Leyla’nın Evi ‘ ne gelirsek, Livaneli’nin okuduğum 3. Kitabı. Bundan önce ‘Mutluluk’ ve ‘Kardeşimin Hikayesi’ adlarında 2 kitabını daha okumuştum. Genel yorumumu sorarsanız okuduğum 3 kitabı da harikaydı. Yukarda da bahsettiğim gibi Livaneli okuyorsanız tek bir konudan değil çok çok fazla konu hakkında fikir sahibi olabilir ve ince mesajlar alabilirsiniz.

Kitabın Konusu

Boğaziçi’nde Bosnalılar Yalısı’nda doğup büyümüş paşa torunu Leyla Hanım, yalının yeni sahibi Ömer Cevheroğlu tarafından sokağa atılır ve mahallenin çocuklarından gazeteci Yusuf’un Cihangir’deki bekar evine sığınmak zorunda kalır. Yusuf’un sevgilisi Rukiye (sahne adıyla Roxy), Almanya’da peep-show’larda modellik yapmış, hip-hop tarzı müzik yaparak ‘yırtmaya’ uğraşan bir Almancı kızdır. Leyla Hanım yalının yeni sahipleriyle görüşmeye çalıştığı bir gün Ömer Bey’in babası , Kadızade Konağı’nın emektar vekilharcı, dört kuşaktır konaklarda hizmetkarlık yapan bir aileden gelen Ali Yekta Bey ile tanışır. Her biri ayrı bir dünyadan gelen bu insanların hayatlarının kesişmesi, onları hem kendilerini hem de birbirlerini değiştirecekleri, kimi zaman acılı kimi zaman eğlenceli bir sürece sokacaktır.


Kitap Hakkında Yorumum

Benim için pek çok anlamlı mesaj içeren bir kitaptı, Leyla’nın Evi.

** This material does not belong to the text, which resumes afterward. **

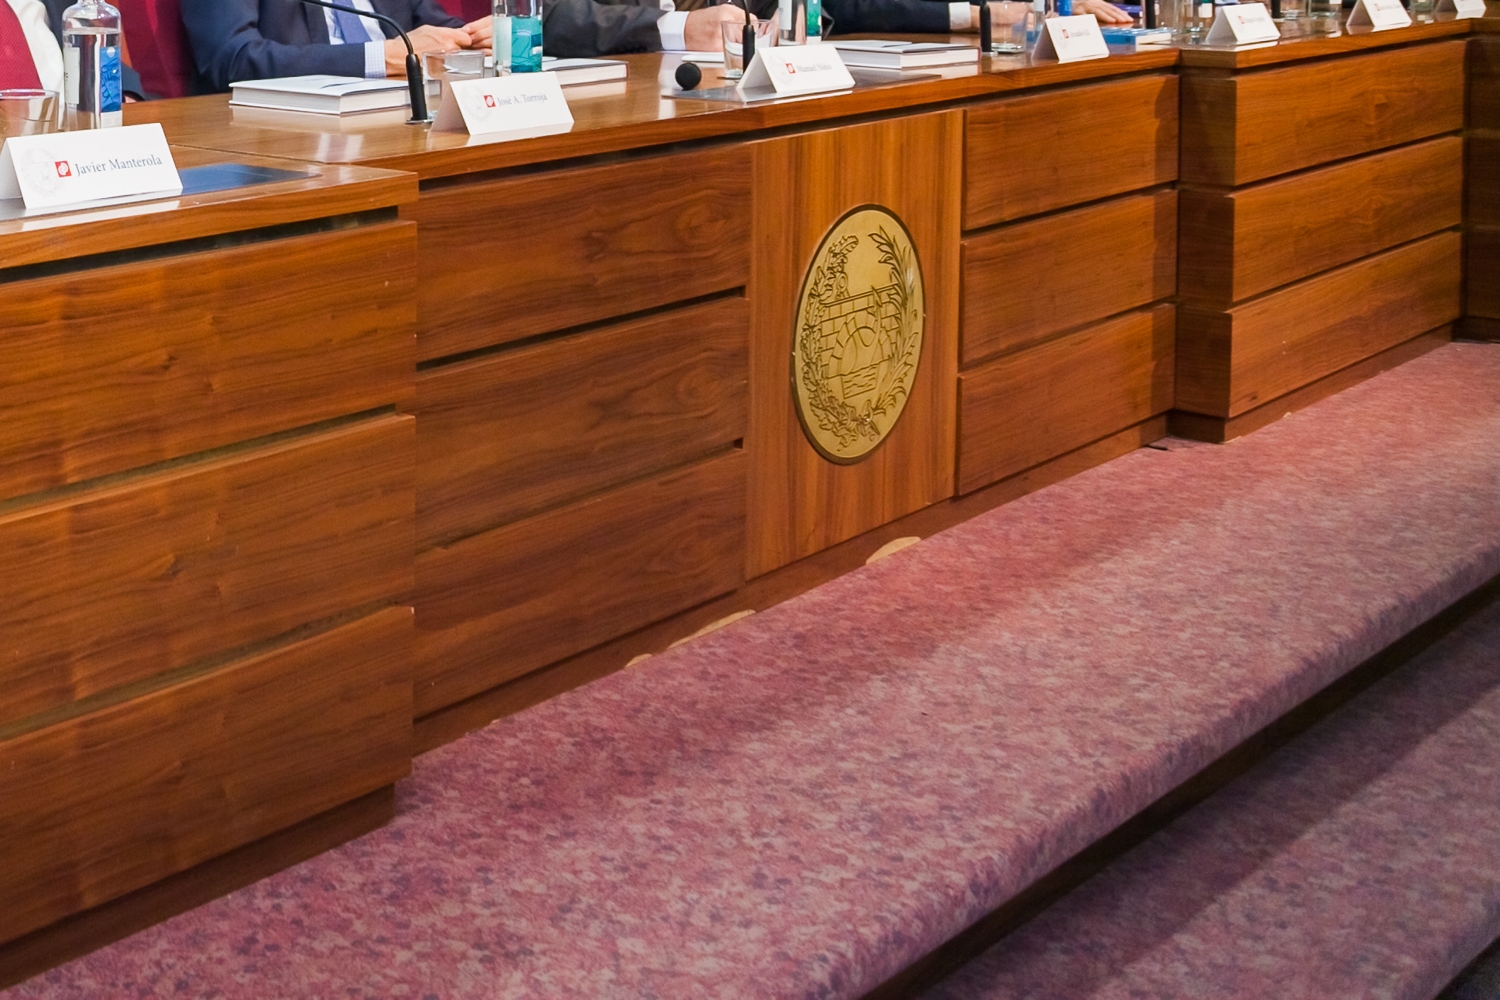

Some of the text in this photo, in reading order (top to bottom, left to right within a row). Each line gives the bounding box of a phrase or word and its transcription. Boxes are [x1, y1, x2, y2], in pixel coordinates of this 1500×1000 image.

[520, 91, 548, 105] Torroja
[74, 153, 163, 177] Javier Manterola

Leyla Hanım’ın barınma sorunundan yola çıkarak birçok şeyi gösterebilmiş, fikirlerini sunabilmiş ayrıcalıklı bir kitap. Aynı şehirdeki iki farklı semtin, iki ayrı ve birbirinden uzak hayatını birleştirmeyi başarmış.

Farklı insanların, belki yanyana olduklarında tek bir kelime edemeyecek insanların, birbirini anlayamayacak olanların, nasıl iletişime geçtiklerini, nasıl anlaştıklarını, birbirlerine nasıl değer verdiklerini okudum. Ki bu insan olarak ‘bakış açımızı’ çok değiştirebilecek bir durum.

Bu güzel kitap öyle alanlardan içinize girip öyle mesajlar veriyor ki, örneğin müziğin uç insanları birleştirebildiği, ortak bir iş yaptırabildiği, önemli olanın aynı şeylerden zevk almak olduğu, okuyorsunuz ve farkediyorsunuz. Diyorsunuz ki bu iki insan çok farklı ama müzik onları yanyana getirdi.

O güzel eski zaman insanının yine sadece insanlara özgü olan bencillikleri yüzünden ne durumlara düştüğünü açıkça okuyoruz ve biliyoruz ki bunları yaşayanlar sadece kitapların içinde değil gerçek hayatta da var. İşte bunu düşündüğünüz an o okuduklarınız boğazınızda bir yumruya neden oluyor.

Okuduğum hikaye boyunca ilgimi çeken bir diğer konu ise anılar ve onlara sahip çıkmamızın ne kadar önemli olduğu. Elinde kalan son şey anıları olan bir insan mı onları korumak için daha çok çaba sarf eder yoksa hatıralarına sadece çok değer veren biri de aynı şekilde davranır mı?

Kitabın çok rahat okunan bir dili olduğu için sıkılmadan okuyup, size farklılık katacak düşüncelerle son sayfasını çevirdiğinizde içinizi kaplayacak hüzüne de engel olamayacaksınız.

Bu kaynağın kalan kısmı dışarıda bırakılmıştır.